I am running my Seam apps in a Java EE 5 environment (JBoss 4.2 AS). My seam-gen'd 2.0.2.SP1 app does not have this metadata in the components.xml:
<transaction:ejb-transaction />
According to the Seam ref doc, By default Seam uses a JTA transaction component that
integrates with Container Managed and programmatic EJB transactions. If you are working
in a Java EE 5 environment, you should install the EJB synchronization component in
components.xml: <transaction:ejb-transaction />
Why is this not included by default when you run a 'seam setup' and then 'seam create-project', etc.? Does the seam-gen tool just assume that your project is a POJO/Tomcat app not using EJB3 components?

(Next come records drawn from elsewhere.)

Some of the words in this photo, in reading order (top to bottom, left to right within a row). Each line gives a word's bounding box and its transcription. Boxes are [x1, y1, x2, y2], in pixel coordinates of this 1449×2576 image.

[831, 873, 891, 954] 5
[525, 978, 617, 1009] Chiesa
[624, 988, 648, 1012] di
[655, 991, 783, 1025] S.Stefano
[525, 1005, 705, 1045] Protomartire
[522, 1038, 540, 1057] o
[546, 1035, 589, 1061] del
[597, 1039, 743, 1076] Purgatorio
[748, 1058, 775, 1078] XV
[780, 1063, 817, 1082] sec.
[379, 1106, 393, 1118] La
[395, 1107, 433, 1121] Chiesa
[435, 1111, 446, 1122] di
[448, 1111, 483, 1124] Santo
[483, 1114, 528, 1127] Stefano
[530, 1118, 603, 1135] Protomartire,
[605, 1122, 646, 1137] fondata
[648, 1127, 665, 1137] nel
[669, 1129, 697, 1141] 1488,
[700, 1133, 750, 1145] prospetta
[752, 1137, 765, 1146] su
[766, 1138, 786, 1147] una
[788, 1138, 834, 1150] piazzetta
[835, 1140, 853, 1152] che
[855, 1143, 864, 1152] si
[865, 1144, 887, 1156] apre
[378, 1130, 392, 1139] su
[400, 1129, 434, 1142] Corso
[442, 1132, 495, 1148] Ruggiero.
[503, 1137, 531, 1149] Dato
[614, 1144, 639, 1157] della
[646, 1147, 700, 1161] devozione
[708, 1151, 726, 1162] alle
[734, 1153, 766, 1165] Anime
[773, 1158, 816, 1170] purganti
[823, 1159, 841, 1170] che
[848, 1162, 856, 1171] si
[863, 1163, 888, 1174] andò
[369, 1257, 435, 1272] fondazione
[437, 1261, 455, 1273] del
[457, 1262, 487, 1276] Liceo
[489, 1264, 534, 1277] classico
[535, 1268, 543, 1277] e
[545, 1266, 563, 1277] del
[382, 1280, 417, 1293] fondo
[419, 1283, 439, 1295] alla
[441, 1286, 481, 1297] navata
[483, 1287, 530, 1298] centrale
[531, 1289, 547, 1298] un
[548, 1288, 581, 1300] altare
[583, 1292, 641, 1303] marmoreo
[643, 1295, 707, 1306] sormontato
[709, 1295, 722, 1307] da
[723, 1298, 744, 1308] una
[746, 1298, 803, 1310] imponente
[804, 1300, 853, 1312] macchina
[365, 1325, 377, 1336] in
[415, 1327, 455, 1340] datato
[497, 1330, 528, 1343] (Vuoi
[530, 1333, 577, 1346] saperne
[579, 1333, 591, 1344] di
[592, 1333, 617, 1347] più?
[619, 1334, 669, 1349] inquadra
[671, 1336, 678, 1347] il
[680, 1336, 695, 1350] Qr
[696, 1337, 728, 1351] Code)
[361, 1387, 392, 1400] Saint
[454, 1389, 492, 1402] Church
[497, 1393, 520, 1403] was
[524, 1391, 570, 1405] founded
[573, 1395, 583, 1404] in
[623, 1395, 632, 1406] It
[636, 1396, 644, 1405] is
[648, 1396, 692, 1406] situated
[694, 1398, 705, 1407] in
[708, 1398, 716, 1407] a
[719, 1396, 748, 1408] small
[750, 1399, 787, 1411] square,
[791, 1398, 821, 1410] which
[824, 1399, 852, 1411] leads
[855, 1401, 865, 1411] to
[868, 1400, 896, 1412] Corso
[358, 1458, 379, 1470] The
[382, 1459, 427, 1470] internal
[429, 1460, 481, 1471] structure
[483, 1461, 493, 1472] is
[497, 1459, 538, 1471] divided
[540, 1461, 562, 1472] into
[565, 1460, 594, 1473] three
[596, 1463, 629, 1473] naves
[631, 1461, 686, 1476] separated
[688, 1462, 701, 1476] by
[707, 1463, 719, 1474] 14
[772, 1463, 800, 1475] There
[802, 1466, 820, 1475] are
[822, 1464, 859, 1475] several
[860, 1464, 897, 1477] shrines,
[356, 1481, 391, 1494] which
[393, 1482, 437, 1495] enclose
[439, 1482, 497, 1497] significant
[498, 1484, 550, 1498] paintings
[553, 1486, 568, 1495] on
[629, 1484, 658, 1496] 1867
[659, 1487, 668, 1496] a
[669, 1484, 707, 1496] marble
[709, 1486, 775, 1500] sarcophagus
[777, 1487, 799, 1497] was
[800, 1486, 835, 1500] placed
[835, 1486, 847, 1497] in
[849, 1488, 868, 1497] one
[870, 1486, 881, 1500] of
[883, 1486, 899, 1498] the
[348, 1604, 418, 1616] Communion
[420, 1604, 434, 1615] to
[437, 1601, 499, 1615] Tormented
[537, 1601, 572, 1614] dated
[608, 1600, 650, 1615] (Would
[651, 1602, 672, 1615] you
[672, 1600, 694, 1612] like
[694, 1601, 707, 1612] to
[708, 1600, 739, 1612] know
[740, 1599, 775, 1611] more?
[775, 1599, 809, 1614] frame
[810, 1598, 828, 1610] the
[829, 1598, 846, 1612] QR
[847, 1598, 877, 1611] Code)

What happens if you leave it out as I did? My transactions in my tests committed fine to the db tables.
More from section 9.2.3 of the Seam ref doc:
If in a Java
EE 5 environment the <transaction:ejb-transaction/> component should be be declared
in components.xml to ensure that Seam synchronization callbacks are correctly called if the
container commits a transaction outside of Seam's knowledge.
I noticed that the booking example's components.xml did have <transaction:ejb-transaction />. My app is making use of the @TransactionAttribute annotations to specify transaction attribute types for various session bean publicly-exposed methods. I've also learned that if you do that, then you can't use SMPC and manual flushMode and must resort to extended persistence from EJB3.
Can someone please shed some light here? This stack is extremely confusing when you're thinking about transaction semantics and which container (Seam or EJB) is responsible for what under what conditions (SMPC/manual flush, for example, vs. EJB3 extended PC and auto flush; global tx's, application tx's as per Dan Allen's book; BMT vs. CMT, etc). What a total disaster here!